India's exposure to the global trade cycle is one of the lowest in the Asian region and therefore the impact of slower foreign trade is likely to be one of the lowest. The export to GDP ratio was relatively low at 21.8% in 2006 compared to the average of 60.1% for the rest of Asia excluding Japan. While the US slowdown will add to the pressure of the overall growth slowdown underway in India, given that elections are due in the coming fiscal, India's policymakers will keep a close watch on the inflation risks. While the Reserve Bank of India's (RBI) restrictive monetary policy will offer limited support in the initial phase of the slowdown, if the government continues to comply with the fiscal deficit targets (specified in the Fiscal Responsibility and Budget Management Act), there will be limited scope to pursue an expansionary fiscal policy. In terms of trade linkages in the Asian region, the impact of a slowdown in the US will be more severe for economies like Singapore and Malaysia, for which, the US still remains the key export destination accounting for about 10% to 20% of the export share.

The soft spots...
Delinquency levels of banks: Monetary tightening in the last 12 months has lifted banks' lending rates significantly. Despite the recent 0.5% cut in the mortgage-lending rates, they continue to rein nearly 4% above the bottom (close to 2001 levels). Similarly, the steep interest rates on personal loans and credit cards have begun to erode the asset quality of banks. The NPA levels of Indian banks have risen by 0.5% to 1% in the past 6 months. Any unexpected aftershock of the global credit turmoil can only worsen the situation.

Outsourced businesses: Even as goods export growth may suffer, the export of services does not seem likely to be materially impacted. Despite the economic slowdown, outsourcing to cheaper destinations is likely to continue. Moreover, the share of outsourcing in overall revenues of the IT industry stands at merely 1%. However, in the medium term, the low IT spending budgets of the global heavyweights, especially the ones in the mortgage lending and BFS (banking and financial services) businesses, may have a detrimental impact.

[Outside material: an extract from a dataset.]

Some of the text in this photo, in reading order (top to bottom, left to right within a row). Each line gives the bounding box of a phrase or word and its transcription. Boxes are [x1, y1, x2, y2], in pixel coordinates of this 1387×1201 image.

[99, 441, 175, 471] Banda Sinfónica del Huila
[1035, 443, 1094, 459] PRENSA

Capital inflows: Over the last 3 to 4 years, India's growth acceleration has benefited more from the globalisation of capital markets than from the globalisation of trade. The higher risk-appetite of global investors, thanks to the prevalence of relatively higher interest rates in the emerging markets and strong credit-driven industrial growth, has led to the heavy liquidity generated from global capital inflows. In this context, we believe that another key concern for India's growth outlook will be a potential turbulence in US financial markets and its impact on capital inflows into India in the medium term.

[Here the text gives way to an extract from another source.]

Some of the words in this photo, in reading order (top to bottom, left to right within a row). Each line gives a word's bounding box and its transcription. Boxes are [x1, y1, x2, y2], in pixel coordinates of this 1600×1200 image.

Without disregarding the fact that even a softer landing of the US economy implies a high probability of the economic slowdown spilling over into Asian and Indian financial markets, we do not envisage the same to potentially derail the domestic growth momentum. While the high base effect of the last two years, be it in terms of GDP growth, credit growth or consumption growth is destined to pass through the cyclical trough, a smoother and quick recovery is certain. The long-term story therefore remains intact!